I'm conjecturing that with Complete-linkage clustering two elements from the same cluster will always be closer to each other then some other element from another cluster.

In more formal terms:

Let $C$ be a clustering. $\not\exists z \in C_j$ s.t. $\bigtriangleup(x, z) < \bigtriangleup(x, y)$ where $x,y \in C_i$, $C_i \neq C_j$ and $C_i, C_j \in C$.

I haven't been able to prove the conjecture yet, thus I'm wondering whether I'm right or wrong. If this is indeed the case, I would much appreciate a sketch of a proof. I'm pretty sure I can work my way from there.

On a side note (not that I think it makes a difference), I'll be applying the clustering algorithm on a one-dimensional dataset.

Your input is much appreciated.

AndyG
  • 39,700
  • 8
  • 109
  • 143
alexT
  • 49
  • 5
  • 1
    I really wish StackOverflow supported LaTeX embedding. – AndyG Apr 16 '15 at 12:23
  • Is this an accurate statement of what you are trying to prove? "There will never exist an element in another cluster (Cluster B) that is nearer to some element in the cluster under consideration (Cluster A) than any other element in the cluster under consideration (Cluster A). That is, the minimum distance between an element in Cluster A to all other elements in Cluster A will always be less than the minimum distance from an element in Cluster A to any element in Cluster B" – AndyG Apr 16 '15 at 12:45
  • I'm pretty sure **your conjecture is incorrect**. In particular, it would probably imply that single-link and complete-link always yield the same result, which they don't. – Has QUIT--Anony-Mousse Apr 16 '15 at 13:51

1 Answers1

1

I'm not sure your conjecture is true. Because of the nature of complete-linkage clustering, each time you agglomerate two clusters, you are doing so because the two elements that are farthest apart between those two clusters, are still mutually closer to each other than the farthest elements to any other cluster.

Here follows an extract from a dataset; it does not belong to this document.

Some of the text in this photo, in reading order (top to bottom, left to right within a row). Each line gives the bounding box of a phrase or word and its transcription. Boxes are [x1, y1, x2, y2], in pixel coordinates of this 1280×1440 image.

What you're trying to prove is that

"There will never exist an element in another cluster (Cluster B) that is nearer to some element in the cluster under consideration (Cluster A) than any other element in the cluster under consideration (Cluster A). That is, the minimum distance between an element in Cluster A to all other elements in Cluster A will always be less than the minimum distance from an element in Cluster A to any element in Cluster B"

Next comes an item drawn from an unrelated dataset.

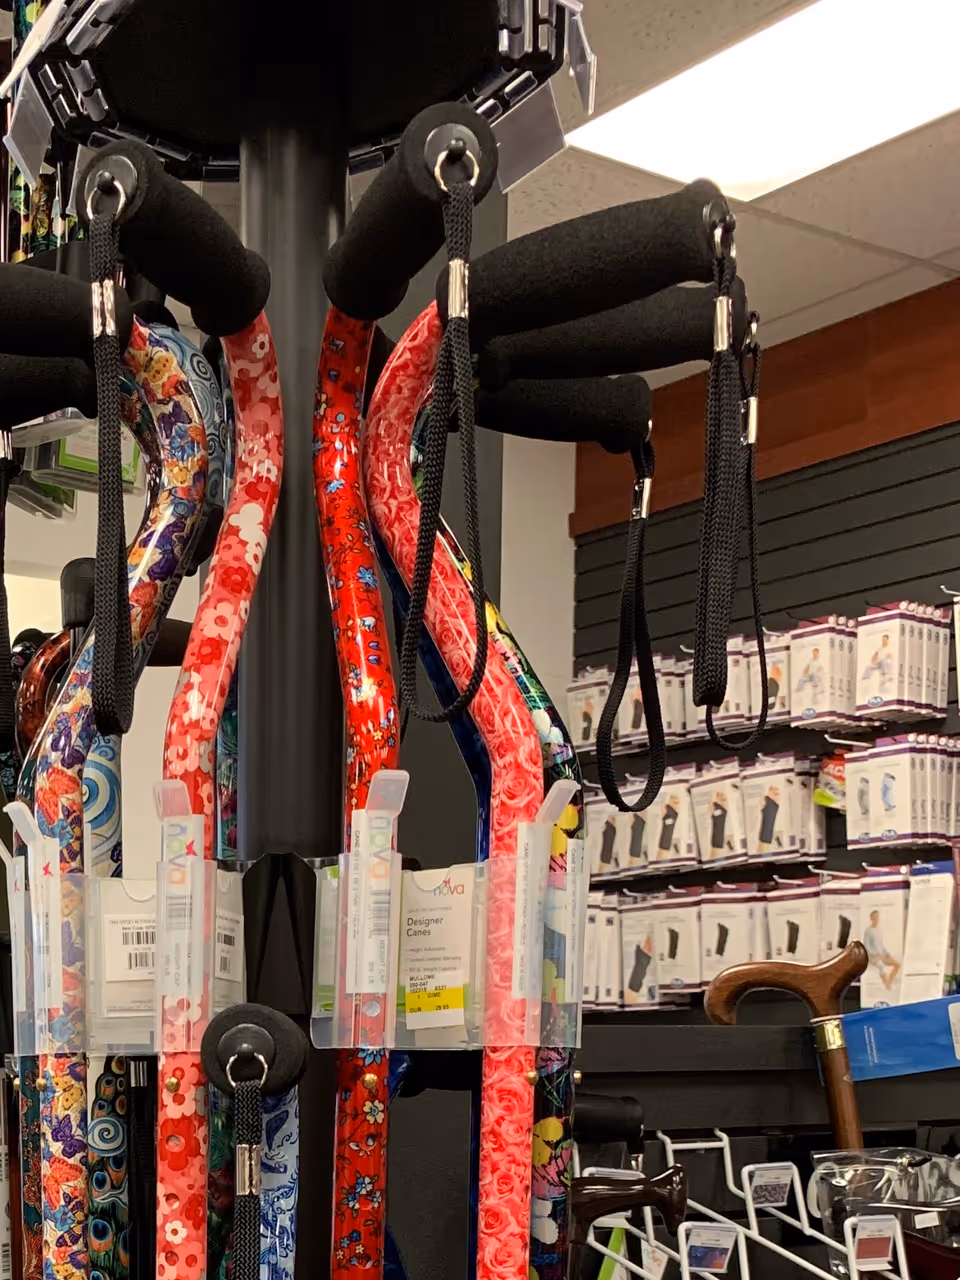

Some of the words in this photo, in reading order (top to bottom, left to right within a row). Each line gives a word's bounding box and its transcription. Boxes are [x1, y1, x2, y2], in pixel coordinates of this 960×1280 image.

[368, 816, 391, 878] nova
[433, 883, 464, 897] nova
[407, 917, 444, 928] Designer
[406, 928, 431, 938] Canes

However, after merging two clusters A and B due to complete-linkage clustering, there could still exist an element in cluster C that is nearer to an element in Cluster AB than any other element in cluster AB because complete-linkage is only concerned about maximal distances.

Counter-example:

A--1--B--3--C--2.5--D--2--E

How to interpret the example:

  • The observations, A, B, C, D, and E are arranged in a straight line.
  • Observation A is 1 unit away from observation B
  • Observation B is 3 units away from observation C
  • Observation C is 2.5 units away from observation D
  • Observation D is 2 units away from observation E

Let's perform hierarchical clustering:

  1. First A and B are merged because distance is 1:

New picture:

AB--4--C--2.5--D--2--E

  • Cluster AB is 4 units away from observation C (because A is 4 units from C due to complete-linkage clustering), which is 2.5 units from D, which is 2 units from E

    1. Next, D and E are merged because distance is 2

New picture

AB--4--C--4.5--DE

  • Cluster AB is 4 units from observation C (as before), which is 4.5 units from Cluster DE because C is 4.5 units from E due to complete-linkage clustering.

    1. Next, C would need to be merged into AB because its distance is 4 whereas it's 4.5 to DE:

ABC--8.5--DE

  • Cluster ABC is 8.5 units from DE because A is 8.5 units from E.

BUT, at this point we've disproven your conjecture. Element C is 3 units from B and 4 units from A (refer to original diagram). However, Element C is only 2.5 units from element D, which is inside another cluster.

AndyG
  • 39,700
  • 8
  • 109
  • 143